Exercise aim:
Everything in the records below should be printed exactly, except the pictures.

Given entries:
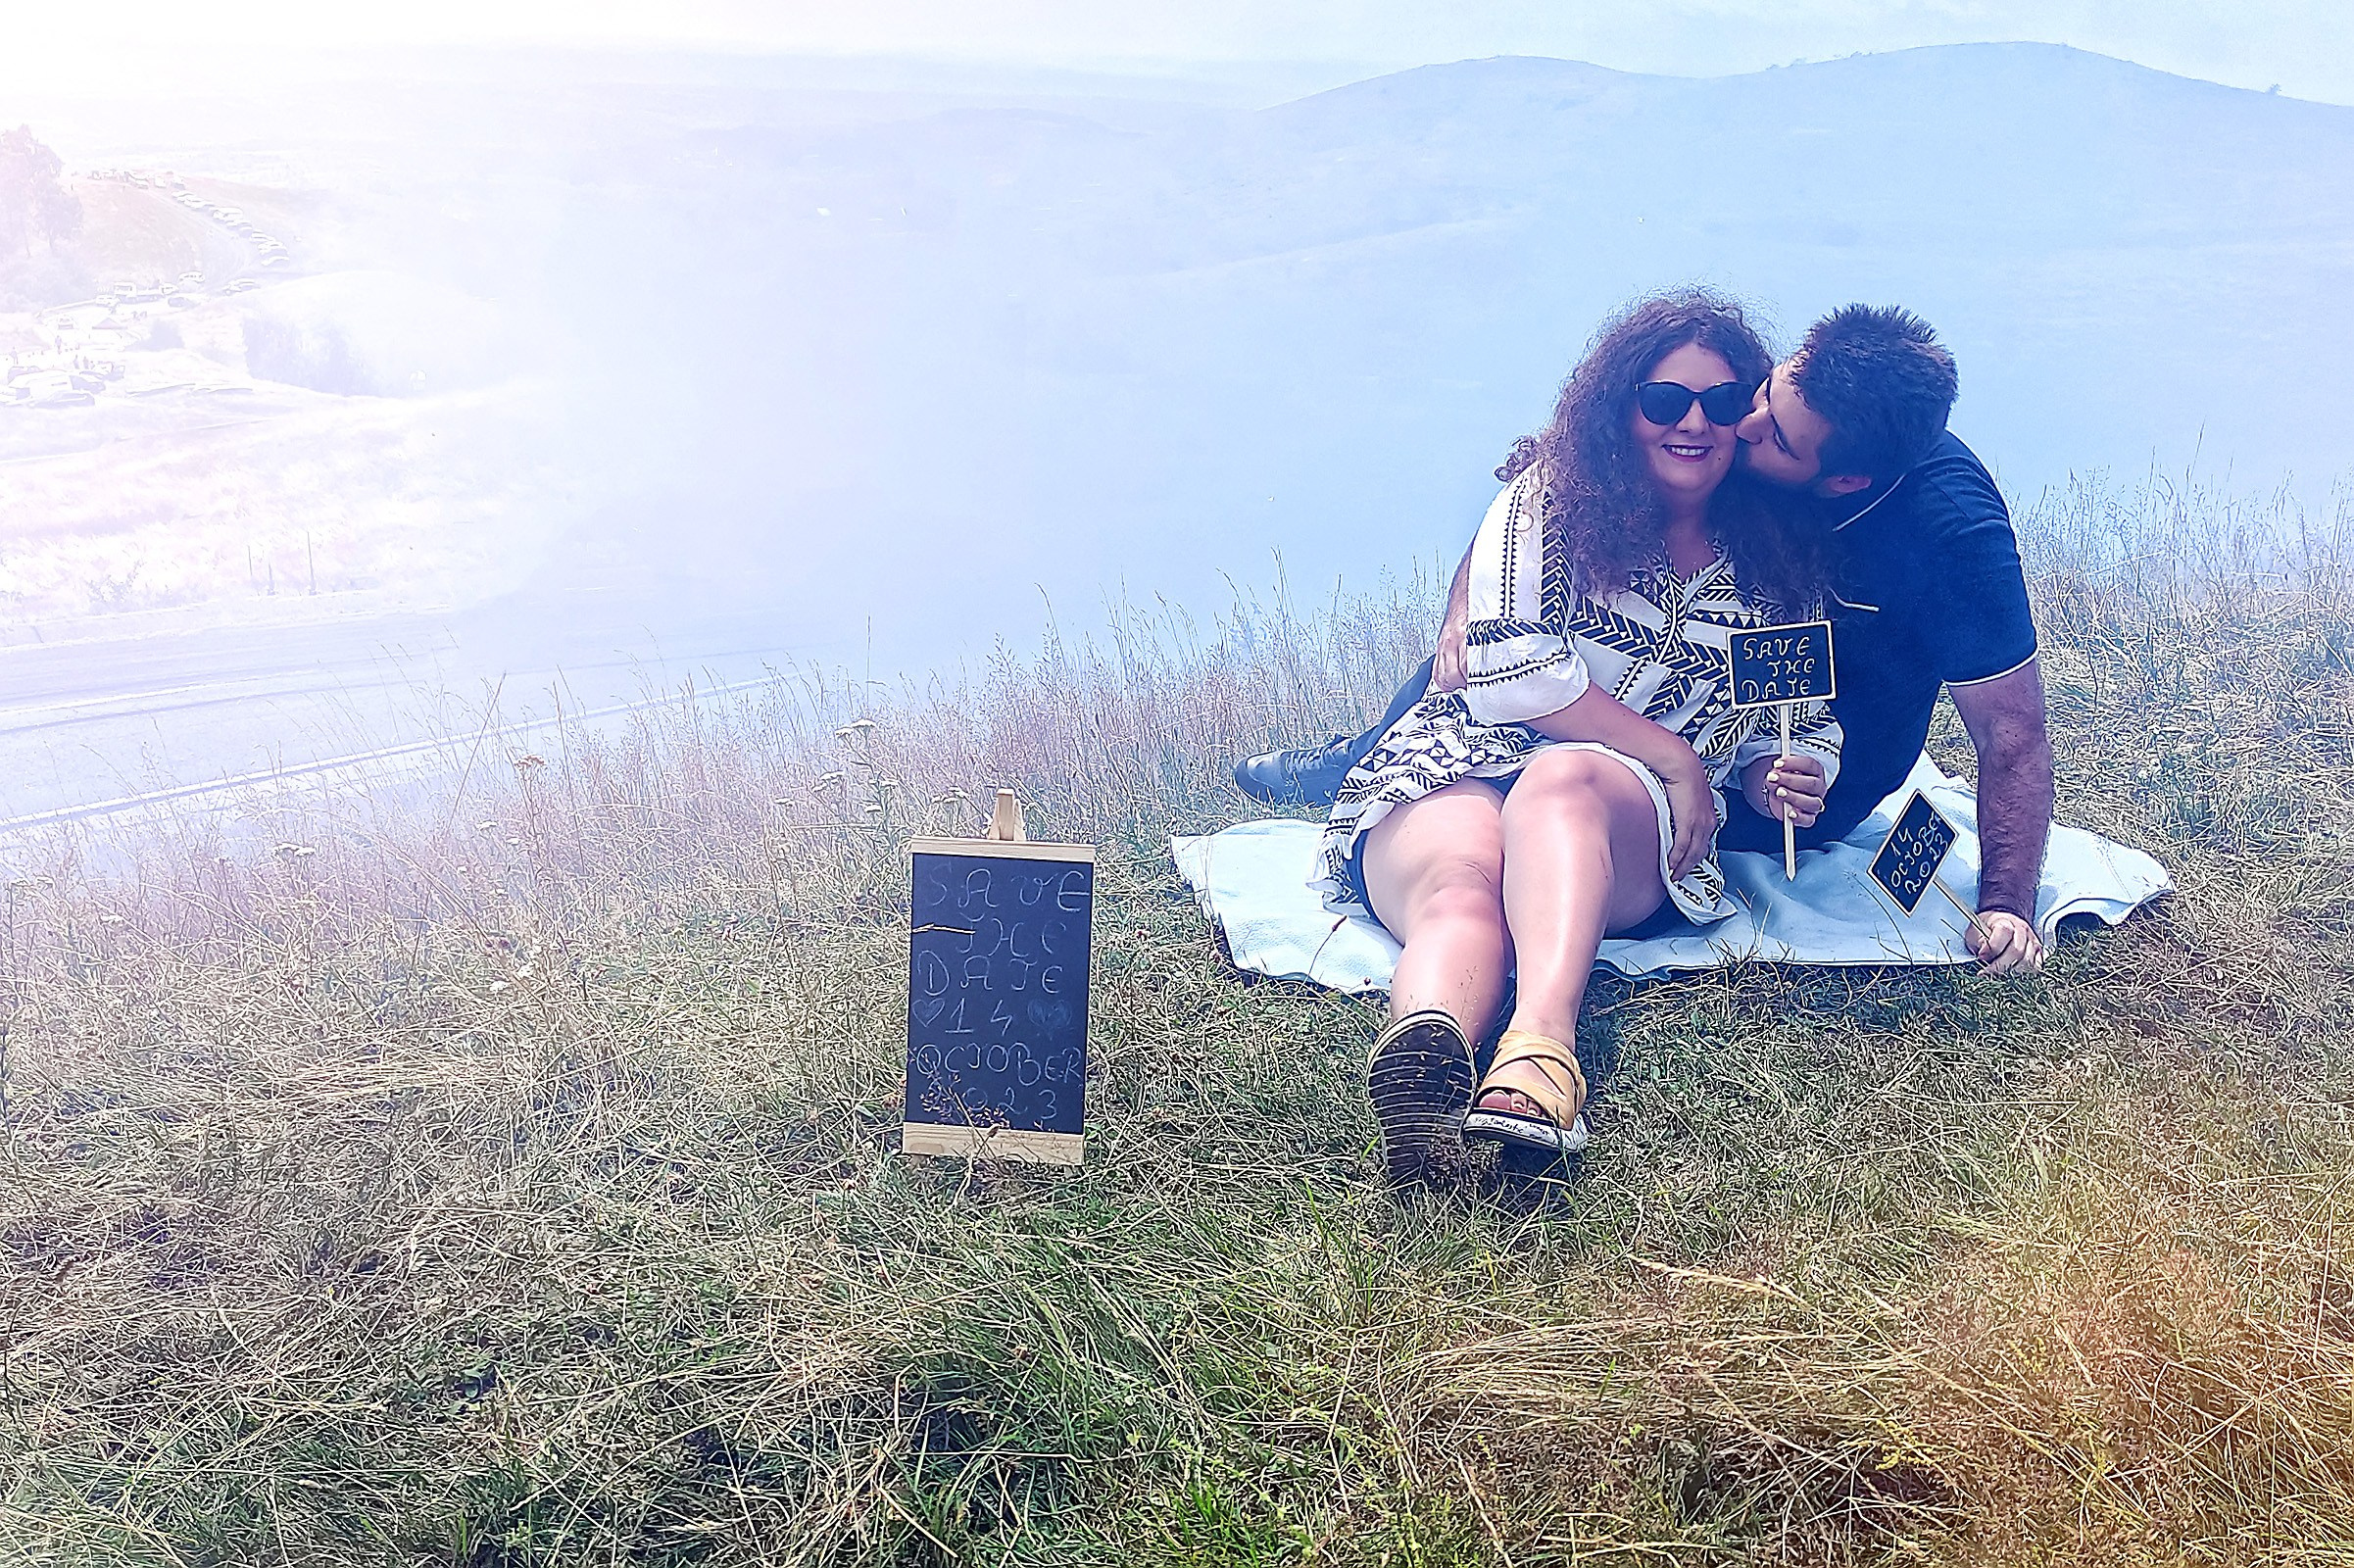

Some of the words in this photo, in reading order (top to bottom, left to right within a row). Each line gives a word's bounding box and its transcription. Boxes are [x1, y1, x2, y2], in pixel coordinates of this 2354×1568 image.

[1743, 636, 1810, 661] SAVE
[1767, 658, 1815, 677] THE
[1741, 677, 1811, 703] DATE
[1890, 827, 1914, 858] 14
[1904, 832, 1948, 895] 2023
[929, 864, 1090, 912] SAVE
[956, 912, 1067, 958] THE
[916, 950, 1064, 997] DATE
[945, 998, 1013, 1036] 14
[916, 1042, 1084, 1087] OCTOBER

Answer space:
Some of the words in this photo, in reading order (top to bottom, left to right within a row). Each line gives a word's bounding box and its transcription. Boxes are [x1, y1, x2, y2], in pixel coordinates of this 2354×1568 image.

[1743, 636, 1810, 661] SAVE
[1767, 658, 1815, 677] THE
[1741, 677, 1811, 703] DATE
[1890, 827, 1914, 858] 14
[1904, 832, 1948, 895] 2023
[929, 864, 1090, 912] SAVE
[956, 912, 1067, 958] THE
[916, 950, 1064, 997] DATE
[945, 998, 1013, 1036] 14
[916, 1042, 1084, 1087] OCTOBER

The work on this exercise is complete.